Anvia
Tools

Tool Handlers

Implement side-effectful or data-fetching tool handlers.

The execute(...) function is the tool handler. It receives parsed input and may return a value or a promise.

Handler Signature

const lookupOrder = createTool({
  name: "lookup_order",
  description: "Look up an order by order id.",
  input: z.object({ orderId: z.string() }),
  output: z.object({ status: z.string() }),
  async execute({ orderId }) {
    return orders.findById(orderId);
  },
});

The handler receives z.output<typeof input>. The model never calls this function directly; Anvia validates and parses the model arguments first.

Capture App Dependencies

Pass services into a factory when the tool needs application dependencies.

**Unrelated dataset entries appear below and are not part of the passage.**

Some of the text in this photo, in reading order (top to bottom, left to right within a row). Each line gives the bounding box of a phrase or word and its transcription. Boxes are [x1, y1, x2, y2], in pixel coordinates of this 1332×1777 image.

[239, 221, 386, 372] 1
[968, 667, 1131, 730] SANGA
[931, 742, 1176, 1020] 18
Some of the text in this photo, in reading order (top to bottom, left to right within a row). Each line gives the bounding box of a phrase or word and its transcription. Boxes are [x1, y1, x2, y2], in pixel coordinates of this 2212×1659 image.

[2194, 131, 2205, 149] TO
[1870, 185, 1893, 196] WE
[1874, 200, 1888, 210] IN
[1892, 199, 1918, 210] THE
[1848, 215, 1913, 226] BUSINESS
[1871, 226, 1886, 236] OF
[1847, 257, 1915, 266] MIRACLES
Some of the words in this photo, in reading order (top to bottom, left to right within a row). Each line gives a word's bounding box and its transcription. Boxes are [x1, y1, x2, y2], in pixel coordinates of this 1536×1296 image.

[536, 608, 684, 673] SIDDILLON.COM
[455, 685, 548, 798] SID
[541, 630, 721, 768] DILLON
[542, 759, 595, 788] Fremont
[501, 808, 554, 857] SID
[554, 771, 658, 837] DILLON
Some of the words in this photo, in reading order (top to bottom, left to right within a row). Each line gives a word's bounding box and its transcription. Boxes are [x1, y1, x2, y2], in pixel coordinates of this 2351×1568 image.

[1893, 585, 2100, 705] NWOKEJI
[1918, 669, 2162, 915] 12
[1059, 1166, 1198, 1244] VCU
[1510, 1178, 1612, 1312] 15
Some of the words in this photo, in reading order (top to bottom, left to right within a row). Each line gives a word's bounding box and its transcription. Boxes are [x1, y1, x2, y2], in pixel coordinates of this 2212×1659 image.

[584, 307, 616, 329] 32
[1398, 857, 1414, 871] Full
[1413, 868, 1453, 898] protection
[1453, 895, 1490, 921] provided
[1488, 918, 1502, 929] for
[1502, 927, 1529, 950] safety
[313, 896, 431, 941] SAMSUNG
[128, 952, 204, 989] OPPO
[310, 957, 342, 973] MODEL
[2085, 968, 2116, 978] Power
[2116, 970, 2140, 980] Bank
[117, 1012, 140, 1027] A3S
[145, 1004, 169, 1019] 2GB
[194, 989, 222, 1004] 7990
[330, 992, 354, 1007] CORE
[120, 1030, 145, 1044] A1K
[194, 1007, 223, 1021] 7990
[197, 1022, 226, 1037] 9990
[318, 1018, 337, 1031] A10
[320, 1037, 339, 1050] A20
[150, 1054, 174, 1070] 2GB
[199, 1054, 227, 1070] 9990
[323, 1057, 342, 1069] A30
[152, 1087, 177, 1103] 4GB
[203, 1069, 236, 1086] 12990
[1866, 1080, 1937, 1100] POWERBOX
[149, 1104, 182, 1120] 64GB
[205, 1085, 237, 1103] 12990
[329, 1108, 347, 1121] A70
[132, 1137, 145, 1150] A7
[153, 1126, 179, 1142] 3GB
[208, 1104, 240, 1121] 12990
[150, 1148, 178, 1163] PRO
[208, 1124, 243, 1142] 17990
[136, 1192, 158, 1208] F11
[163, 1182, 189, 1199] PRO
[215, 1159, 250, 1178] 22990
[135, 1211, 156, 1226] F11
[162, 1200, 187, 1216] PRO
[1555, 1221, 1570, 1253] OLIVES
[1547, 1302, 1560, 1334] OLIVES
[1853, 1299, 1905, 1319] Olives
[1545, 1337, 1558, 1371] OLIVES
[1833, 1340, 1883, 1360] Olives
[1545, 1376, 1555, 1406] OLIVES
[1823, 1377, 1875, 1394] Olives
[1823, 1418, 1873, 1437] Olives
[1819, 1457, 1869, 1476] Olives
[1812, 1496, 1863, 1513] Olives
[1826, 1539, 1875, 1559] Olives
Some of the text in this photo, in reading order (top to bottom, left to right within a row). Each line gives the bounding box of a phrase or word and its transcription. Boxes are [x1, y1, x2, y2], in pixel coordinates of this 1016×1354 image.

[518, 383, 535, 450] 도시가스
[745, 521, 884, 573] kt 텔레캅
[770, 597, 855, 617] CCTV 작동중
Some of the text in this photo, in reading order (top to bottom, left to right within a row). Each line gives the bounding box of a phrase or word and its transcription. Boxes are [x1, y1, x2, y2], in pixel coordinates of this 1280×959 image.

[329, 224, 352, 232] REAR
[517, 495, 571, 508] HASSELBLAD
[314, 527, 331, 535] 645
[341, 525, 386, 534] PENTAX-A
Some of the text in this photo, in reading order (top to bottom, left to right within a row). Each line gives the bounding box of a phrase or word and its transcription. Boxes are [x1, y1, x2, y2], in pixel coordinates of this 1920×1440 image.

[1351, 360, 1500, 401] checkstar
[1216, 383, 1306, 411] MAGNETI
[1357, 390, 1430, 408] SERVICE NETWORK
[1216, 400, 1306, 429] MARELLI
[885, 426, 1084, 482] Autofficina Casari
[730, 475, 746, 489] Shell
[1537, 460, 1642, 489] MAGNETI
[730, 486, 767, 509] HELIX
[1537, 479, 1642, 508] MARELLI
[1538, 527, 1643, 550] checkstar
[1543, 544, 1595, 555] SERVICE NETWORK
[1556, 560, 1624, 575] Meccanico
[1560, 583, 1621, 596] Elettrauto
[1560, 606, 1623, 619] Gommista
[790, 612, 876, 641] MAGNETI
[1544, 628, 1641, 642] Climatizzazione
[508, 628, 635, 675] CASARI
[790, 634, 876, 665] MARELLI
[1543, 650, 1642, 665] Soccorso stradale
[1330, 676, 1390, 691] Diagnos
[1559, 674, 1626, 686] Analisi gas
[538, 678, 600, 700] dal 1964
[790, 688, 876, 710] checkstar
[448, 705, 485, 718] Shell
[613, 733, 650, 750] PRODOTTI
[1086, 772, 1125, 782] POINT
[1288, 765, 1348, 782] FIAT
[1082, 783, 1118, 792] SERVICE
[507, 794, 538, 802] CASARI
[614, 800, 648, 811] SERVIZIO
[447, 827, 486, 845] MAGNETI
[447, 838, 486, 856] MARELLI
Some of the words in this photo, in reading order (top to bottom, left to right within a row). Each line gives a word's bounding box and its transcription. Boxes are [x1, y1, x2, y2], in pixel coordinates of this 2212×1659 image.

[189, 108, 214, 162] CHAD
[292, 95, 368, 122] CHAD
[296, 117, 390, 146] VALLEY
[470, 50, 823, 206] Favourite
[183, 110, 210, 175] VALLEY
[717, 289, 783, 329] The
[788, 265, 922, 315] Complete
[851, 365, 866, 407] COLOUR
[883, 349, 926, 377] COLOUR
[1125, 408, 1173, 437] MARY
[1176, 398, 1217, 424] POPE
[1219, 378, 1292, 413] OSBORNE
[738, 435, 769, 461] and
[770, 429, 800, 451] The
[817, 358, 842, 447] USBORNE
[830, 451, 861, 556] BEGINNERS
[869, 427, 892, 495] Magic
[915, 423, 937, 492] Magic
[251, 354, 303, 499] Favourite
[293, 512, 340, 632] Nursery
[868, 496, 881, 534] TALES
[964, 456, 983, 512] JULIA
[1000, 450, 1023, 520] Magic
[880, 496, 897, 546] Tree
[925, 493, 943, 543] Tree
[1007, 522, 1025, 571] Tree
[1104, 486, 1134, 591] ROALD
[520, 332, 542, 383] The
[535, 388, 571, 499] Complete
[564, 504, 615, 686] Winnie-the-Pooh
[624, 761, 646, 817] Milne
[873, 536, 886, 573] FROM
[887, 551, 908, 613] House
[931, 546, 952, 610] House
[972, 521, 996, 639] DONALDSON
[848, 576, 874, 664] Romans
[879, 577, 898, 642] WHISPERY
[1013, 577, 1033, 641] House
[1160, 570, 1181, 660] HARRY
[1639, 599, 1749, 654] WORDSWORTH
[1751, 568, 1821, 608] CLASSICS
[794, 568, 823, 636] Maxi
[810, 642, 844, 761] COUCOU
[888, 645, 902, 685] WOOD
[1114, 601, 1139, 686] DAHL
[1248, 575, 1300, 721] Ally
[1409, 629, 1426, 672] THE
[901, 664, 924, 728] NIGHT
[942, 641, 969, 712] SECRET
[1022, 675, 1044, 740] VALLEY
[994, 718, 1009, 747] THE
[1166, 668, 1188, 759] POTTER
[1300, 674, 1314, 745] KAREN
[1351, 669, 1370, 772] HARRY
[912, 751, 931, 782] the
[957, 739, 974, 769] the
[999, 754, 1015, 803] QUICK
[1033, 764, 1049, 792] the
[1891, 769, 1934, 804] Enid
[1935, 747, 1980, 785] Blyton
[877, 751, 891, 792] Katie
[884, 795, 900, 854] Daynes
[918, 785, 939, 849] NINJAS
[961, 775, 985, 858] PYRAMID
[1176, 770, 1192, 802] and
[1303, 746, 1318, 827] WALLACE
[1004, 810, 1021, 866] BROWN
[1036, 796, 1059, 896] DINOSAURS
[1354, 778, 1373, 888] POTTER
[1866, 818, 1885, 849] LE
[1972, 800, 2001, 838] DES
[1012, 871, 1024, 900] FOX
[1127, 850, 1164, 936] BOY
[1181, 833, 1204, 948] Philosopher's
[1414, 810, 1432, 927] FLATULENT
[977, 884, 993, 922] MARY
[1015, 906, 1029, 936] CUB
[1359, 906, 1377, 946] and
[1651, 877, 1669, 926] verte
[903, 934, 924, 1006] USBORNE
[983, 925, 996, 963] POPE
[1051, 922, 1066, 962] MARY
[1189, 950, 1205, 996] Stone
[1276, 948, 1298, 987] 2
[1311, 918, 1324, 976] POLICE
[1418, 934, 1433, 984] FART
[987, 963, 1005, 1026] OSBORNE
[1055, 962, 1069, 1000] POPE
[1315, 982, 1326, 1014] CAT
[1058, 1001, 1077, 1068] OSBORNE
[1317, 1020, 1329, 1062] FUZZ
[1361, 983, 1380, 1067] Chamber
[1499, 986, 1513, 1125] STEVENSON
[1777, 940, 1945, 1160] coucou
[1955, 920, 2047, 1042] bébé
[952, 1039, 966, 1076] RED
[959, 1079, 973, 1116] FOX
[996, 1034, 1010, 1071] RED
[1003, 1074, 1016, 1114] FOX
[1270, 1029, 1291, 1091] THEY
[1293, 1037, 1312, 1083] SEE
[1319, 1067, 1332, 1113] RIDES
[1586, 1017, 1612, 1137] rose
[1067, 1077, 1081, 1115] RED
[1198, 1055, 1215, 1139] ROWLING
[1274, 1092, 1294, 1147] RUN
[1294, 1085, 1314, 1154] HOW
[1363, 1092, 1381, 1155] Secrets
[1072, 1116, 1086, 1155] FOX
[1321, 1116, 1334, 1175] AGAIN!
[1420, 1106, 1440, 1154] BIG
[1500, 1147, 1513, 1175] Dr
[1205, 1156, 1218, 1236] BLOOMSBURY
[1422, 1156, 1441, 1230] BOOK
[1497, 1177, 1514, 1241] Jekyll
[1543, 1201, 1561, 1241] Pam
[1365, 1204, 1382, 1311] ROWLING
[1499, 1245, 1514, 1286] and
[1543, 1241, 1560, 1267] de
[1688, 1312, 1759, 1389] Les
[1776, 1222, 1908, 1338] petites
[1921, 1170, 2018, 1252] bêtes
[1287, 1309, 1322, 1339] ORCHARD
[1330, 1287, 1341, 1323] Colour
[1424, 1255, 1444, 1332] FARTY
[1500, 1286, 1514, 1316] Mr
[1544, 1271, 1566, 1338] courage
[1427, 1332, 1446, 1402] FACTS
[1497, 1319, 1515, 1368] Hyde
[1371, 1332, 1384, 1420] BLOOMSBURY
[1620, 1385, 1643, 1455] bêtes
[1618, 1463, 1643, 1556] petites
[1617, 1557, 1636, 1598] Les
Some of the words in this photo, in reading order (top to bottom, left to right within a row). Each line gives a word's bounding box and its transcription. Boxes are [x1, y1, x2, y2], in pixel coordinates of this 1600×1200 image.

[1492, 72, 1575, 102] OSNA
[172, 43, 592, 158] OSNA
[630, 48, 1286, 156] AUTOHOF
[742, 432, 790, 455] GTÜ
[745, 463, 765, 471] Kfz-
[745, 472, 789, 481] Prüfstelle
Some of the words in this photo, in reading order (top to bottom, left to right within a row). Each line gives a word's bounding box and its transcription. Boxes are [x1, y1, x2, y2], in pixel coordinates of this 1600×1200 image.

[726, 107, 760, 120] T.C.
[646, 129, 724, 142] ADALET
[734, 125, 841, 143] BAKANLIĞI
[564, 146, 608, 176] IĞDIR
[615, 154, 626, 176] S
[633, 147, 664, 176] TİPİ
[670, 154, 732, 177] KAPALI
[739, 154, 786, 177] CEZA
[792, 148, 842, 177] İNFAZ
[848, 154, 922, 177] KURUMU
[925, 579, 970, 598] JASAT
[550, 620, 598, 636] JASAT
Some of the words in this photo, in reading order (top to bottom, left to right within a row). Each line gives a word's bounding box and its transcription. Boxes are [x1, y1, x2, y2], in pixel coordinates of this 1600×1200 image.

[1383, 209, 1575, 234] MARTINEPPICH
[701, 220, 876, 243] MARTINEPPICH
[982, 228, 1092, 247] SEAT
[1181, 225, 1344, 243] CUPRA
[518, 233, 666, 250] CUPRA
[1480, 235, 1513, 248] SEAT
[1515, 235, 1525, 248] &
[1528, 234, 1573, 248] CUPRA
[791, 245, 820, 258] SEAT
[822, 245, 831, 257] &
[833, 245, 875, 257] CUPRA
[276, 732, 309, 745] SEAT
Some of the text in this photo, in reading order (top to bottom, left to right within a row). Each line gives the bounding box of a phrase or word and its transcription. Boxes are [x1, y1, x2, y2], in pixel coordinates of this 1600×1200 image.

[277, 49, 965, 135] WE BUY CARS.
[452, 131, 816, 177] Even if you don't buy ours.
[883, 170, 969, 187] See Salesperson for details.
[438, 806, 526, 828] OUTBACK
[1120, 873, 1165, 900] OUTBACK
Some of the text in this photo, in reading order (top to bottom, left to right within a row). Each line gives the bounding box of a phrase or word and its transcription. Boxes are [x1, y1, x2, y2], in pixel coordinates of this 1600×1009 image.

export function createOrderTools(services: {
  orders: OrderRepository;
  logger: Logger;
}) {
  return [
    createTool({
      name: "lookup_order",
      description: "Look up an order by order id.",
      input: z.object({ orderId: z.string() }),
      async execute({ orderId }) {
        services.logger.info({ orderId }, "lookup order");
        return services.orders.findById(orderId);
      },
    }),
  ];
}

This keeps auth, tenancy, logging, and database access in your application code.

Return Product States

Expected states should be normal return values.

const lookupOrder = createTool({
  name: "lookup_order",
  description: "Look up an order by order id.",
  input: z.object({ orderId: z.string() }),
  output: z.object({
    found: z.boolean(),
    status: z.string().optional(),
  }),
  async execute({ orderId }) {
    const order = await orders.findById(orderId);
    return order === undefined
      ? { found: false }
      : { found: true, status: order.status };
  },
});

Throw only when the workflow should be treated as failed or retried.

Side Effects

Side-effect tools should be explicit and narrow.

const createRefund = createTool({
  name: "create_refund",
  description: "Create a refund for an eligible order.",
  input: z.object({ orderId: z.string() }),
  output: z.object({ refundId: z.string() }),
  async execute({ orderId }) {
    return refunds.create({ orderId });
  },
});

For user approval before execution, use Human in the Loop.